Your goal: Everything from the line containing "this 1600×999 image." to the close of the records below should be output exactly, line by line, with no other lines given.
______
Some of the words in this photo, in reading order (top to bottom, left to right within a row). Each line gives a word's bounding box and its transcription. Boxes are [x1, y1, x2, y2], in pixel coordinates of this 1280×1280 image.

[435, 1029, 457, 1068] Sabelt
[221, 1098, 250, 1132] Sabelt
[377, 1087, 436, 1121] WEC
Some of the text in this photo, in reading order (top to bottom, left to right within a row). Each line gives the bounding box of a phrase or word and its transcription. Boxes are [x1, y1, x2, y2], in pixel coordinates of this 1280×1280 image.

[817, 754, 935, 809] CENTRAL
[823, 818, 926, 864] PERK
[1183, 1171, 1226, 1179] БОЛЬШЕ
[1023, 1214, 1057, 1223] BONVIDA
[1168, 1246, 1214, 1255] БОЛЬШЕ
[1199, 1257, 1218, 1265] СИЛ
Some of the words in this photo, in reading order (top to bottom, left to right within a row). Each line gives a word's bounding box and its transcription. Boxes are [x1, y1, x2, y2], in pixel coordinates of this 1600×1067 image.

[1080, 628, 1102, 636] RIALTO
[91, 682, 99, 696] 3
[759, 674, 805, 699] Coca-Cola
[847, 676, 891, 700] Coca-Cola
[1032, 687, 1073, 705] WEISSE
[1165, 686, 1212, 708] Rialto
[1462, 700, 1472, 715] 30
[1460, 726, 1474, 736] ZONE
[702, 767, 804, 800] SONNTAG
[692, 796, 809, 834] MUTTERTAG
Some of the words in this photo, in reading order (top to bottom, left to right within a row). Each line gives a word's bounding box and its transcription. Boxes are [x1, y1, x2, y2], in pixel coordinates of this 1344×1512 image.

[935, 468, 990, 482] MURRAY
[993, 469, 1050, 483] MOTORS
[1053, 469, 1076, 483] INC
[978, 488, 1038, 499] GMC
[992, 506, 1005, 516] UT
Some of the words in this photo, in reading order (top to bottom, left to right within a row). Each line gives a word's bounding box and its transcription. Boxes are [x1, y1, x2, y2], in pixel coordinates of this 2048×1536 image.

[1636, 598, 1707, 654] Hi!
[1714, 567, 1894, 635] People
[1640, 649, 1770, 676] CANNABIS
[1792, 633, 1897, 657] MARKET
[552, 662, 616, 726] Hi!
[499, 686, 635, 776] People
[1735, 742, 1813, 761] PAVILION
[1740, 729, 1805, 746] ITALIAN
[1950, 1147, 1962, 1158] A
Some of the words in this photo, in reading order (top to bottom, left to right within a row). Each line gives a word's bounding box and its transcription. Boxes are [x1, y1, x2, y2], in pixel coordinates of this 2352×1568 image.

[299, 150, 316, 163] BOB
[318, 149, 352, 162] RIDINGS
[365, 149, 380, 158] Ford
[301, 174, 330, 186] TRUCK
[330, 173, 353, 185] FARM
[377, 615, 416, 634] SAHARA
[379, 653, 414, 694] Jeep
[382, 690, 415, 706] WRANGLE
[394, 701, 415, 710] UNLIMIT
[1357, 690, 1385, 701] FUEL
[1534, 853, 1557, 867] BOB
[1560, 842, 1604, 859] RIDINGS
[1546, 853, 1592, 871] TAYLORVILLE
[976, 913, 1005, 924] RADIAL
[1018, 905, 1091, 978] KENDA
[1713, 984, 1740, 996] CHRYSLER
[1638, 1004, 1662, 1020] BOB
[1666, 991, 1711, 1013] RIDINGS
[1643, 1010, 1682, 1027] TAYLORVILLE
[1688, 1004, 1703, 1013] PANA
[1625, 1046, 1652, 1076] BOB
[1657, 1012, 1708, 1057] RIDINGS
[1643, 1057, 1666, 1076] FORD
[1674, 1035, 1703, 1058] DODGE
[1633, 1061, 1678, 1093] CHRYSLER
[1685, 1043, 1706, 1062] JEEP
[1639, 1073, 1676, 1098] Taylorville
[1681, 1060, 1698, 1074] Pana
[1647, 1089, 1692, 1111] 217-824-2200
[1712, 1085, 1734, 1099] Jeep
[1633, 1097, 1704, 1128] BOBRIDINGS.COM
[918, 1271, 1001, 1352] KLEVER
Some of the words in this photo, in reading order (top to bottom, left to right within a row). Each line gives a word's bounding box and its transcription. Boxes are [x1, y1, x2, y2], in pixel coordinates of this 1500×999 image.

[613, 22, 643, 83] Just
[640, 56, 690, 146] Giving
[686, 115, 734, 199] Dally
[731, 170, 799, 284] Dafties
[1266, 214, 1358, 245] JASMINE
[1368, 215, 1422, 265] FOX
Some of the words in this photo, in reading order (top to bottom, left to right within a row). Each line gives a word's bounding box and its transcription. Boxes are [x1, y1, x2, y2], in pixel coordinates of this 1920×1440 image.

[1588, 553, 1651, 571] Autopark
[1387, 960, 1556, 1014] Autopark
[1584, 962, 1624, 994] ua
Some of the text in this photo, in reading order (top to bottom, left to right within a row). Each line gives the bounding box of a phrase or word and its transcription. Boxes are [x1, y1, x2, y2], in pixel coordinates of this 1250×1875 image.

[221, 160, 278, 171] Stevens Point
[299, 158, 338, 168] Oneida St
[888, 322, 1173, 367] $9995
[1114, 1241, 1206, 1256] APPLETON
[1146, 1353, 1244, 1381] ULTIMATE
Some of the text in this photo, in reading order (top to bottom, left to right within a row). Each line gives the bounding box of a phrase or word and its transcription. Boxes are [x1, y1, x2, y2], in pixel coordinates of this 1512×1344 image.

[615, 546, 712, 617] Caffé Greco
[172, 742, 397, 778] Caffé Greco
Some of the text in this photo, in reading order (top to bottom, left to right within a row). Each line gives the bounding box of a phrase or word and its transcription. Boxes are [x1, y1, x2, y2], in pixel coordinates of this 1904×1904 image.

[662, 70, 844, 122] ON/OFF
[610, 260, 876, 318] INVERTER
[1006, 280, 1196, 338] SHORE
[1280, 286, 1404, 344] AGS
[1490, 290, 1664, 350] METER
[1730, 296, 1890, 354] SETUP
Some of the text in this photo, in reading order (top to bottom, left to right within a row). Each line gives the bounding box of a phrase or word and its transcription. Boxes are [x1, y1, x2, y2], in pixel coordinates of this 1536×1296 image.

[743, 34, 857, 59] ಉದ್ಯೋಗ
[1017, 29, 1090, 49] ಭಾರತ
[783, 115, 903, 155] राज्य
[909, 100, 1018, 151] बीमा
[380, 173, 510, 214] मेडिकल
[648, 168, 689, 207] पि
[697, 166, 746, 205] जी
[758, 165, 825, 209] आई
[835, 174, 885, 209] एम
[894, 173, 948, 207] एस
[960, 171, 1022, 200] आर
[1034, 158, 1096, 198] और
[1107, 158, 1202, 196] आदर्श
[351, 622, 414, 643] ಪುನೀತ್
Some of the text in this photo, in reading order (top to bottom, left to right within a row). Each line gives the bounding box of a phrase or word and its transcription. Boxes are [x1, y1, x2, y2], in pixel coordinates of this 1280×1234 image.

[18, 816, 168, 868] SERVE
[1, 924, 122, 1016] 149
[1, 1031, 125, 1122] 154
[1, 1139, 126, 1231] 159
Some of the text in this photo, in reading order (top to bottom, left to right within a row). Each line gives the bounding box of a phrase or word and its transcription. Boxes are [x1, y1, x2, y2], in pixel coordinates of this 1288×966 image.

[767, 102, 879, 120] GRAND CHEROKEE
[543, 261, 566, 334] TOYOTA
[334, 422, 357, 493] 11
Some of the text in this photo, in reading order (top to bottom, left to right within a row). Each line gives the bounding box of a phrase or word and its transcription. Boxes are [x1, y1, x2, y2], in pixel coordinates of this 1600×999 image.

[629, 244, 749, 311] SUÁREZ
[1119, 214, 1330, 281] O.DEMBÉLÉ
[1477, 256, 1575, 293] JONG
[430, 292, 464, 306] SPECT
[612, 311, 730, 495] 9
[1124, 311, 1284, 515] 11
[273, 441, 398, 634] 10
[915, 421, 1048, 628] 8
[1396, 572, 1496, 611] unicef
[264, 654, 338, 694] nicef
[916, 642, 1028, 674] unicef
______
Answer area:
Some of the text in this photo, in reading order (top to bottom, left to right within a row). Each line gives the bounding box of a phrase or word and its transcription. Boxes are [x1, y1, x2, y2], in pixel coordinates of this 1600×999 image.

[629, 244, 749, 311] SUÁREZ
[1119, 214, 1330, 281] O.DEMBÉLÉ
[1477, 256, 1575, 293] JONG
[430, 292, 464, 306] SPECT
[612, 311, 730, 495] 9
[1124, 311, 1284, 515] 11
[273, 441, 398, 634] 10
[915, 421, 1048, 628] 8
[1396, 572, 1496, 611] unicef
[264, 654, 338, 694] nicef
[916, 642, 1028, 674] unicef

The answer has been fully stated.